▸ **Task statement**
Please set down, word for word, each line from the one containing "this 2048×1365 image." through the final line of the records below, both included, and nothing else.

▸ **Records for the exercise**
━━━━━━━━━━

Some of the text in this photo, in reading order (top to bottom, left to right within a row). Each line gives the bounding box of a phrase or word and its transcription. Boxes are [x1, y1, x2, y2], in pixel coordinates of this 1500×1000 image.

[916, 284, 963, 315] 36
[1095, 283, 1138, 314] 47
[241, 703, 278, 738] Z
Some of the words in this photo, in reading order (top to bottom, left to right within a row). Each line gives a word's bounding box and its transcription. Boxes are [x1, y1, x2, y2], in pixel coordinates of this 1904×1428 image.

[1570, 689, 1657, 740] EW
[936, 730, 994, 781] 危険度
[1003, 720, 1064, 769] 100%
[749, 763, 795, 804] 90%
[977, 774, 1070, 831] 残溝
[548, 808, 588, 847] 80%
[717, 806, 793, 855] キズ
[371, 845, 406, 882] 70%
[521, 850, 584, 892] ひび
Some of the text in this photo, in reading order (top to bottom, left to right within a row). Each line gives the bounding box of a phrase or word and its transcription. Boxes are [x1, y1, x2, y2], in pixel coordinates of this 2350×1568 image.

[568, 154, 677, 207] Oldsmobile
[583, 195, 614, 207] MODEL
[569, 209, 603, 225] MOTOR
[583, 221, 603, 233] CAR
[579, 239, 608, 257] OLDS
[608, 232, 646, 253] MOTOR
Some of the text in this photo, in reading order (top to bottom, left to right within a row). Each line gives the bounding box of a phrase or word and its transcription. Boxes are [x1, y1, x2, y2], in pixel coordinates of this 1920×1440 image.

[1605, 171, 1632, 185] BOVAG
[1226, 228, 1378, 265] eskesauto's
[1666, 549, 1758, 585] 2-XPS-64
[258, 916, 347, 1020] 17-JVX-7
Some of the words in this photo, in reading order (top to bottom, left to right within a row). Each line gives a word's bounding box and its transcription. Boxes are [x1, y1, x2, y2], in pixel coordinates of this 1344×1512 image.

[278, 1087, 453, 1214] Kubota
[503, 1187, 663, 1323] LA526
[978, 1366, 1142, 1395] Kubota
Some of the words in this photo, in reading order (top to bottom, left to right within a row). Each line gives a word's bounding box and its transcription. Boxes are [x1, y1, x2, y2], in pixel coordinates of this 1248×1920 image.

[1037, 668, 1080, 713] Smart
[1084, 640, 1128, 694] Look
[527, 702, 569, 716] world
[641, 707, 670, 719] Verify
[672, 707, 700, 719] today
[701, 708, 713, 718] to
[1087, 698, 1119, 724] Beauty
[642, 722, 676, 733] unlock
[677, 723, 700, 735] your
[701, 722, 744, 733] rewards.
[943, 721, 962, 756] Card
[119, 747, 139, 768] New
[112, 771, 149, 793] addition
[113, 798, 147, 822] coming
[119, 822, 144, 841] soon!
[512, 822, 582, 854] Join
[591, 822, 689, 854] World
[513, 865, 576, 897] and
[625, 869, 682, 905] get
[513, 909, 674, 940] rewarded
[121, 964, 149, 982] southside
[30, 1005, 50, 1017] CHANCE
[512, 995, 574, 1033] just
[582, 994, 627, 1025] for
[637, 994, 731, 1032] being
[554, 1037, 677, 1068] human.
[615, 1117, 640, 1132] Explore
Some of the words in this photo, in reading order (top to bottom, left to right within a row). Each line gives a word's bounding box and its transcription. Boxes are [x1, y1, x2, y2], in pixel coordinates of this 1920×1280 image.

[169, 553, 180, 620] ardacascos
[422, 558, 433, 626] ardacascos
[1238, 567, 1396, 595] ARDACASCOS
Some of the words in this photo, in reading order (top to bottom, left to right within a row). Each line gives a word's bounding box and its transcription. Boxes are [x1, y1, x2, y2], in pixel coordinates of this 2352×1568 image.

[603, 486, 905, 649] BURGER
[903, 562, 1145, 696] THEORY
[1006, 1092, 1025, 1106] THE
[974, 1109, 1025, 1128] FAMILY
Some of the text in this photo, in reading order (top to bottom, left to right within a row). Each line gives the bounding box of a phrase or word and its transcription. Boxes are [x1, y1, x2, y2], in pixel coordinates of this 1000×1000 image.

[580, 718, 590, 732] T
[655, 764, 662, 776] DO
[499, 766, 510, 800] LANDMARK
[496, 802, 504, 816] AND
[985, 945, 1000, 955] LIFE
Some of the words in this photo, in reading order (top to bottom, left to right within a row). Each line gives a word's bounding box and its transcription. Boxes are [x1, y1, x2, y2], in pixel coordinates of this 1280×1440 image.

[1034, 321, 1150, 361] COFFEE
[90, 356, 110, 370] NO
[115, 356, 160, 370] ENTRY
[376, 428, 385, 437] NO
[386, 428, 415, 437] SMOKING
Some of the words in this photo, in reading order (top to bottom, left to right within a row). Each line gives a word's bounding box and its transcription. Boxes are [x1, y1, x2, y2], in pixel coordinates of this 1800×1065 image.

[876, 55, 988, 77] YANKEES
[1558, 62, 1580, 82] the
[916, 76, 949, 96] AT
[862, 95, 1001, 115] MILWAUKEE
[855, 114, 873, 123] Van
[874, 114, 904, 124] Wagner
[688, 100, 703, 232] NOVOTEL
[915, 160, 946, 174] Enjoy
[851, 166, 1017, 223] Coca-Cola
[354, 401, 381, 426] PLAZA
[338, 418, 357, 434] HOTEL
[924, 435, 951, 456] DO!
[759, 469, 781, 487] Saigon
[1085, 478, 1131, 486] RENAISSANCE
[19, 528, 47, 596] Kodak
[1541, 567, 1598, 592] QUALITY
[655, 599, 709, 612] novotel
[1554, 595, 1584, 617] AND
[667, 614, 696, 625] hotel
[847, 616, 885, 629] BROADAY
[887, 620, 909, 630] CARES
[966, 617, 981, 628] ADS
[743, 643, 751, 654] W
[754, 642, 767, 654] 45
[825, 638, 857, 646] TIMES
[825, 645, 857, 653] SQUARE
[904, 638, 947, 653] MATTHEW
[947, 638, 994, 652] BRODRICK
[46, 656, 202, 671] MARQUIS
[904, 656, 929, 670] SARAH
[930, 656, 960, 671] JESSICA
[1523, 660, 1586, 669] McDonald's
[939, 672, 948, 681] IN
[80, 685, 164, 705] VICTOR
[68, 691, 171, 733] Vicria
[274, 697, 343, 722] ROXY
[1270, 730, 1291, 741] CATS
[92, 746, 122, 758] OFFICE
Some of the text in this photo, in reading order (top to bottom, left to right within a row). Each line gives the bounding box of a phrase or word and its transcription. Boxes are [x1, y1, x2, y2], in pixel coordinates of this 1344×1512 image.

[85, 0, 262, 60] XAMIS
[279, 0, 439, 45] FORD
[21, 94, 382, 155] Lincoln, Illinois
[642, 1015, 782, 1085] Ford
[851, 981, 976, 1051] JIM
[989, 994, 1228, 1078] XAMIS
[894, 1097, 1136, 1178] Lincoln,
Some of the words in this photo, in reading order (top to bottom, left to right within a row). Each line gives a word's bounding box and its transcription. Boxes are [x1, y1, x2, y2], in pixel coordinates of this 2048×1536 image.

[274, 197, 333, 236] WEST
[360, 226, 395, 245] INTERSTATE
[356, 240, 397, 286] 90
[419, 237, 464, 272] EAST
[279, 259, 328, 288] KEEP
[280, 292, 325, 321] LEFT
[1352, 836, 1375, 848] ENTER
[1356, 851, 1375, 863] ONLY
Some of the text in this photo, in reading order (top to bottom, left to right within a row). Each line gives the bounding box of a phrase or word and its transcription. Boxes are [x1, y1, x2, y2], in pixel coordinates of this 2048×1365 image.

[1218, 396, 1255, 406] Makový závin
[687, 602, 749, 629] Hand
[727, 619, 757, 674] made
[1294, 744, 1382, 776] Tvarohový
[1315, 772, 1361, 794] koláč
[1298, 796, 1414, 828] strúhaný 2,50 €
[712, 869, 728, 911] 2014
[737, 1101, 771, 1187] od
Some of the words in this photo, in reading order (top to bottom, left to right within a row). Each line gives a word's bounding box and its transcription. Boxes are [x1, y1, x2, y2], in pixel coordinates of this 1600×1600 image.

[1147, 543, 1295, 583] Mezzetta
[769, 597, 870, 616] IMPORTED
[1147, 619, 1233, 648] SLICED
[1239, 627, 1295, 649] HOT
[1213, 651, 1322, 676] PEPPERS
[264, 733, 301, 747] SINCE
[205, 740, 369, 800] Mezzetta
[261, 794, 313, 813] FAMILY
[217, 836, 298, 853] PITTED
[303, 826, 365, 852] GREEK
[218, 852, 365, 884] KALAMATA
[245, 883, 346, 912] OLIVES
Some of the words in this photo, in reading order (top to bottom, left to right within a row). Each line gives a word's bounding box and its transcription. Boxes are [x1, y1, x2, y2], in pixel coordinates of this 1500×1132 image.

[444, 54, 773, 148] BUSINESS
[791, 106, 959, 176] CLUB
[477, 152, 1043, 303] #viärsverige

━━━━━━━━━━

▸ **Response for this exercise**
Some of the text in this photo, in reading order (top to bottom, left to right within a row). Each line gives the bounding box of a phrase or word and its transcription. Boxes are [x1, y1, x2, y2], in pixel coordinates of this 2048×1365 image.

[1218, 396, 1255, 406] Makový závin
[687, 602, 749, 629] Hand
[727, 619, 757, 674] made
[1294, 744, 1382, 776] Tvarohový
[1315, 772, 1361, 794] koláč
[1298, 796, 1414, 828] strúhaný 2,50 €
[712, 869, 728, 911] 2014
[737, 1101, 771, 1187] od
Some of the words in this photo, in reading order (top to bottom, left to right within a row). Each line gives a word's bounding box and its transcription. Boxes are [x1, y1, x2, y2], in pixel coordinates of this 1600×1600 image.

[1147, 543, 1295, 583] Mezzetta
[769, 597, 870, 616] IMPORTED
[1147, 619, 1233, 648] SLICED
[1239, 627, 1295, 649] HOT
[1213, 651, 1322, 676] PEPPERS
[264, 733, 301, 747] SINCE
[205, 740, 369, 800] Mezzetta
[261, 794, 313, 813] FAMILY
[217, 836, 298, 853] PITTED
[303, 826, 365, 852] GREEK
[218, 852, 365, 884] KALAMATA
[245, 883, 346, 912] OLIVES
Some of the words in this photo, in reading order (top to bottom, left to right within a row). Each line gives a word's bounding box and its transcription. Boxes are [x1, y1, x2, y2], in pixel coordinates of this 1500×1132 image.

[444, 54, 773, 148] BUSINESS
[791, 106, 959, 176] CLUB
[477, 152, 1043, 303] #viärsverige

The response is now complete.